RSSI values showing the recieved signal strength of gateway from node?

when i send some payload from dragino lora shield(node) to the things network cloud using lg02(gateway) so i observed rssi values in the things network so my question is

  1. Is that the rssi values showing in the things network is signal strength of the gateway which means the values received from the node. or there is any other method to find the rssi of the gateway!!
    please help me because i want to test the range between gateway and node.

Lg02 is not a LoRaWAN gateway, it is LoRa single/dual channel packet forwarder/LoRa media converter only and their use on the TTN network is disruptive to other users. Please disconnect it from TTN. They are deprecated and support is now out of scope for the forum. In this instance, if monitoring on the gw console page of TTN, rssi will be the node received signal strength at the media converter.

how it disruptive to other users!!! and They are deprecated!! can u please elaborate because i am new to this because i planned to use this packet forwarder as a commercial purpose.

can u tell me the difference between lorawan gateway and lora packet forwarder!! because i searched about these things i didnt got proper answer.

thanks in advance

The LG02 can only run 2 channels, LoRaWAN devices expect 8, so many uplinks will be lost from your devices.

The product web page makes it quite clear:

yea but @Jeff-UK told it will disrupt other users … i am asking how!!!

Any devices won’t be heard on 6 out of the 8 channels.

Downlinks & MAC requests may be allocated to the gateway in error and not transmitted due to the lack of channels.

Search the forum for more examples.

From the Dragino product selector page:-

image

There have been several manufacturers of such faux gateways over the years and sadly it took a while for them to recognise the problems ensuing and even longer for their sales channels to catch up and update their own websites/info to highlight the fact they were LoRa only.
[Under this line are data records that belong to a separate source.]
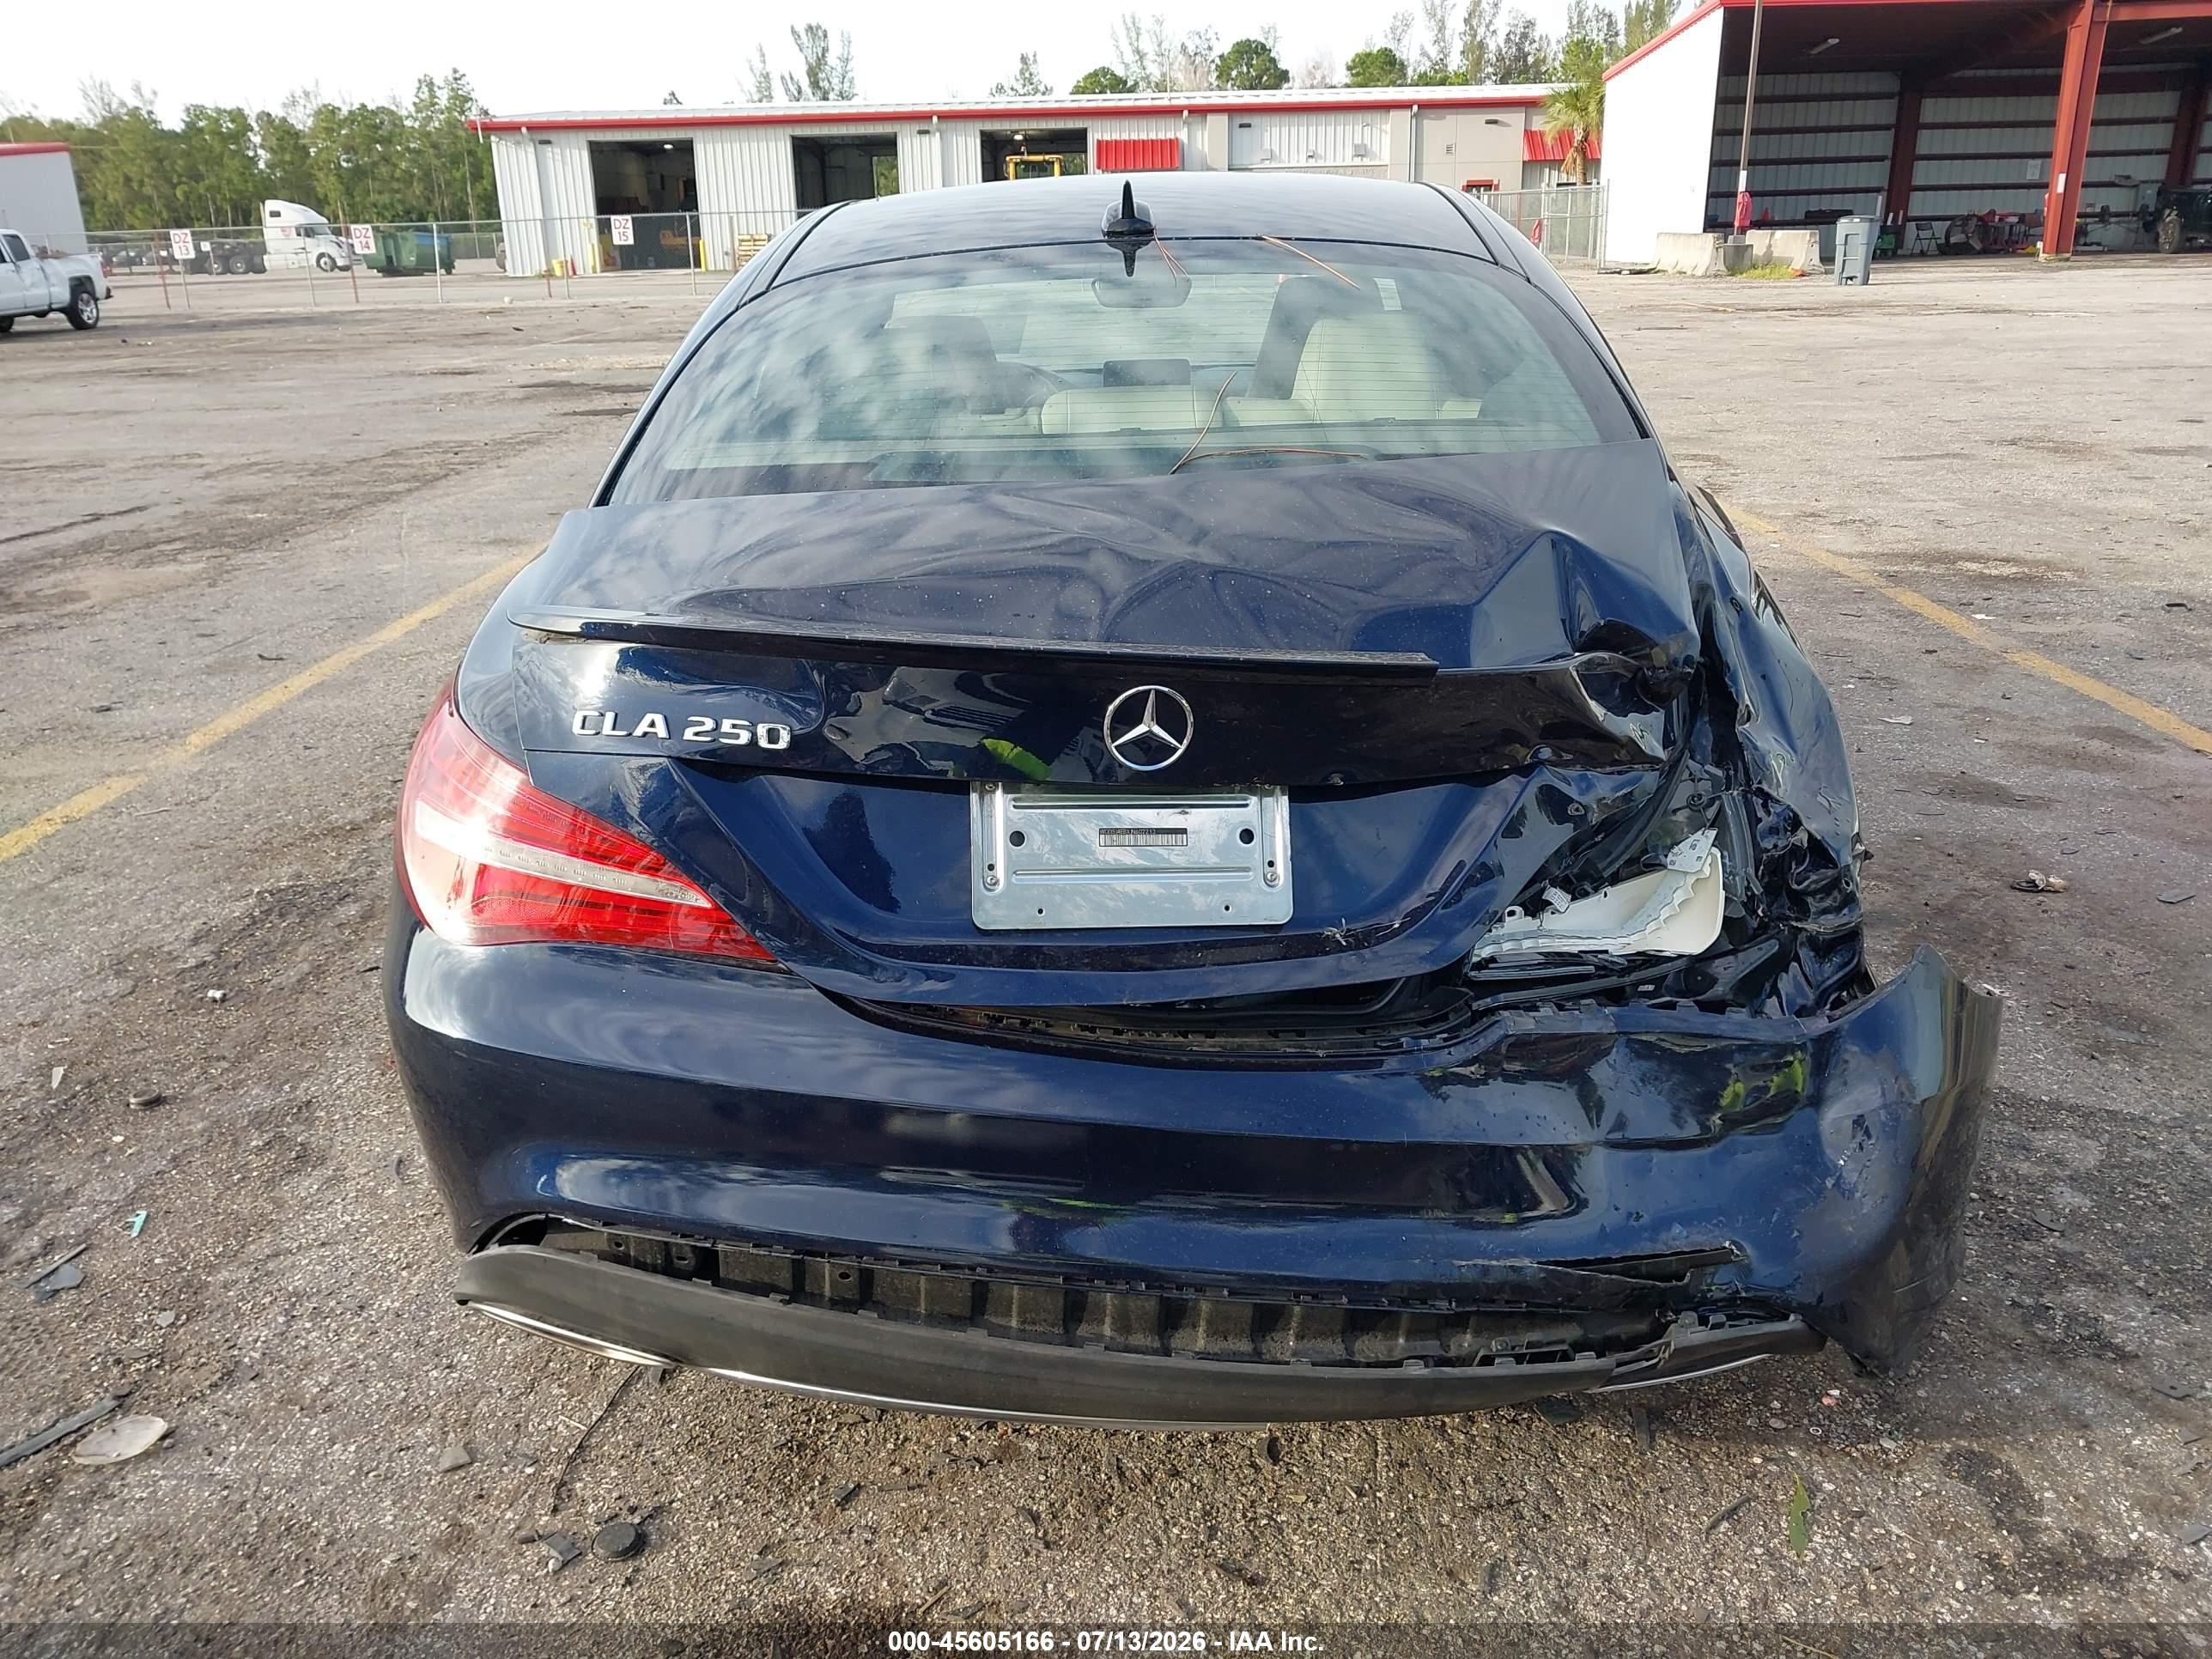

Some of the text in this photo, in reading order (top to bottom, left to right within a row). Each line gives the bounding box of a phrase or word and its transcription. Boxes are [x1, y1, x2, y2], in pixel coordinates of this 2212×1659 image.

[612, 217, 630, 230] DZ
[173, 232, 190, 244] DZ
[353, 227, 371, 240] DZ
[617, 231, 629, 242] 15
[178, 245, 190, 256] 13
[359, 240, 371, 251] 14
[571, 709, 793, 750] CLA 250
In the early days of TTN, when ‘proper’ GW’s cost >>$1000 these were a way of starting to use and experiment with LoRa and a subset of LoRaWAN, and were tolerated. Lots of web guides refer to them and give how toos on connecting to TTN and unfortuantely the Internet abhors censorship so its difficult to go around and weed them out. A simple search of the TTN Forum before purchase would, however, have flagged the problem and instruction to not use/connect to TTN.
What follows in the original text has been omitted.